- There's a stunning new explanation for upscale longevity,
and it's quite contrary to what the world's health bureaucrats have been
telling us.
-
- One of the great mysteries of modern medicine: Why do
rich people live longer than poor people? Why is it that, all around the
world, those with more income, education and high-status jobs score higher
on various measures of health? As stated in a World Health Organization
pamphlet: "People further down the social ladder usually run at least
twice the risk of serious illness and premature death of those near the
top."
-
- The traditional answer to these questions has been that
greater wealth and social status mean greater access to medical care. But
even ten years ago, when this magazine last delved into the topic (FORBES,
Jan. 31, 1994), the available answers seemed inadequate.

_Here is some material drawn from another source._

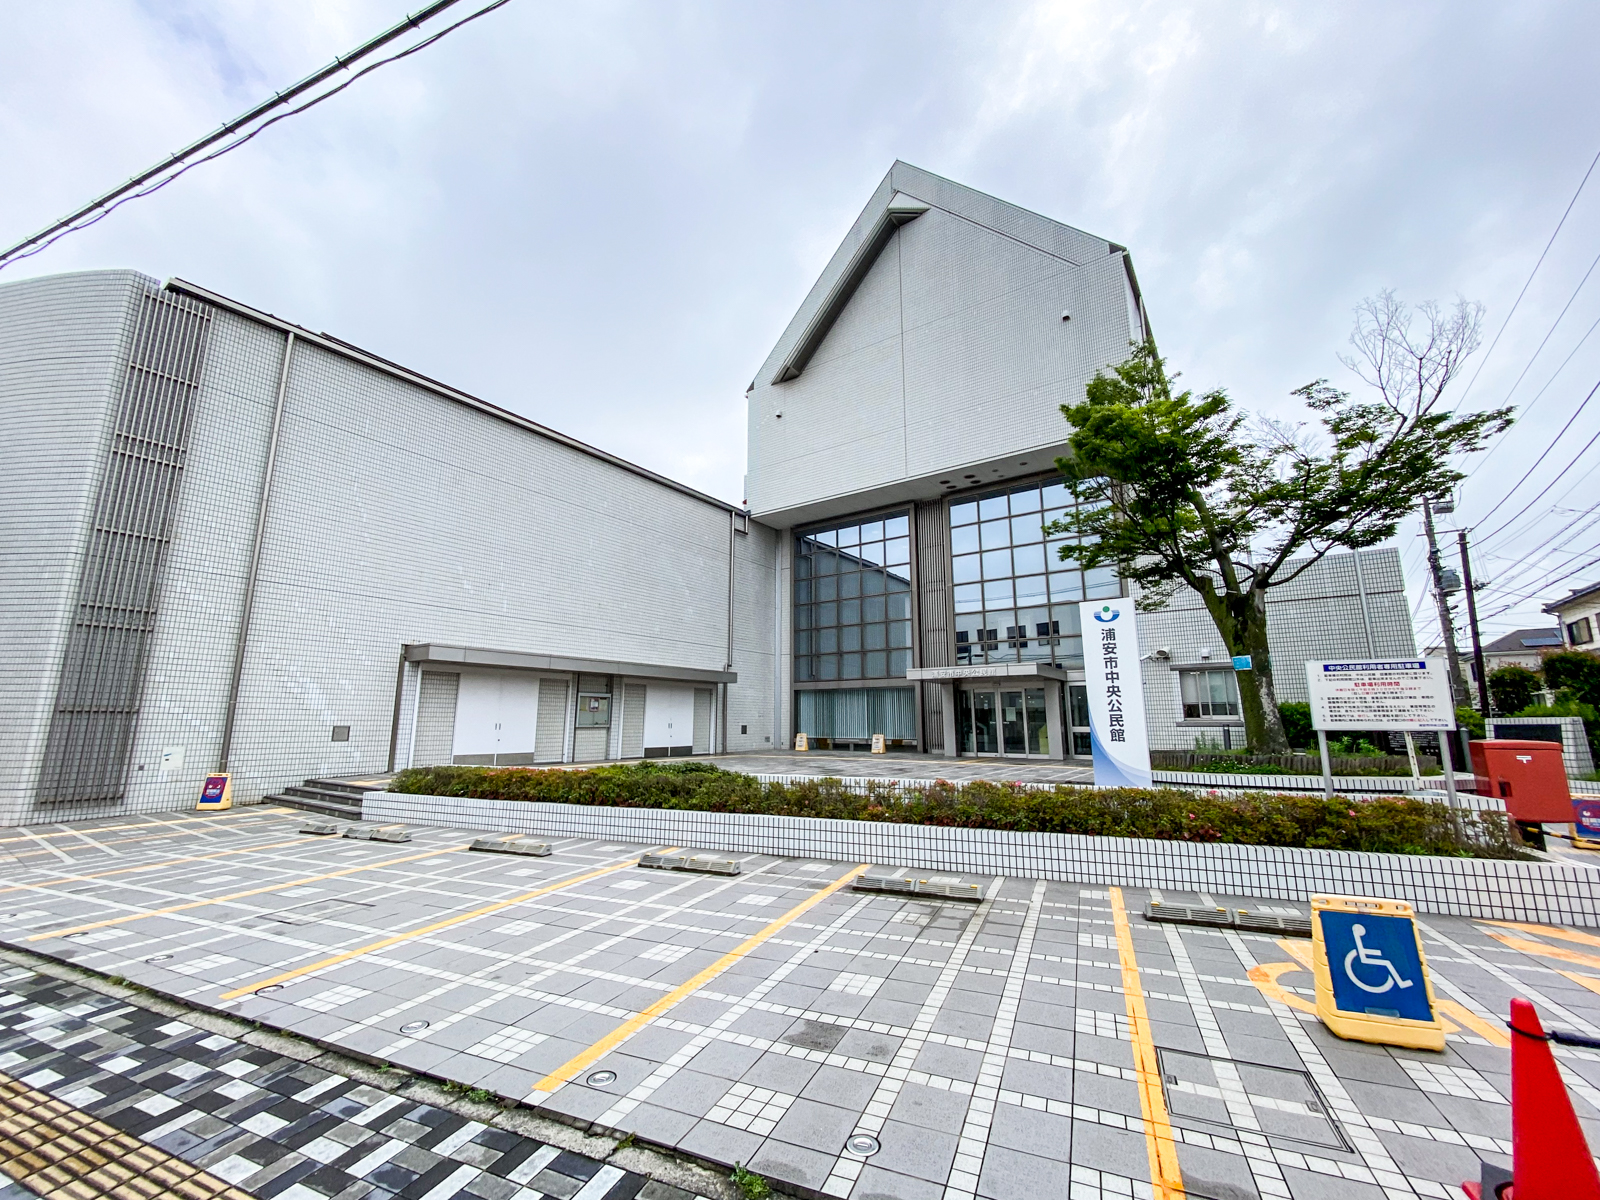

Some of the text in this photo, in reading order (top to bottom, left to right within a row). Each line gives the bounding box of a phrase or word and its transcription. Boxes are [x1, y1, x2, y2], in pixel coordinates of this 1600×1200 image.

[1101, 628, 1126, 743] 浦安市中央公民館
[1328, 662, 1420, 671] 中央公民館利用者専用駐車場

If access was
the key, then one would have expected the health gap between upper and
lower classes to shrink or disappear with the advent of programs like Britain's
National Health Service and America's Medicare and Medicaid, not to mention
employer-sponsored health insurance. In fact, the gap widened in both Britain
and America as these programs took effect. The 1994 article cited a study
of British civil servants--all with equal access to medical care and other
social services, and all working in similar physical environments--showing
that even within this homogeneous group the higher-status employees were
healthier: "Each civil service rank outlived the one immediately below."
How could this be?
-
- Today the standard answer--or, at least, the answer you
are guaranteed to get from the WHO and other large health bureaucracies--is
that inequality itself is the killer. The argument is that low status translates
into insecurity, stress and anxiety, all of which increases susceptibility
to disease. This psychosocial case is lengthily elaborated in Social Determinants
of Health, a 1999 publication collectively created by 22 medical specialists
and endorsed by the WHO. "Is it plausible," the book asks at
one point, "that the organization of work, degree of social isolation
and sense of control over life could affect the likelihood of developing
and dying from chronic diseases such as diabetes and cardiovascular disease?"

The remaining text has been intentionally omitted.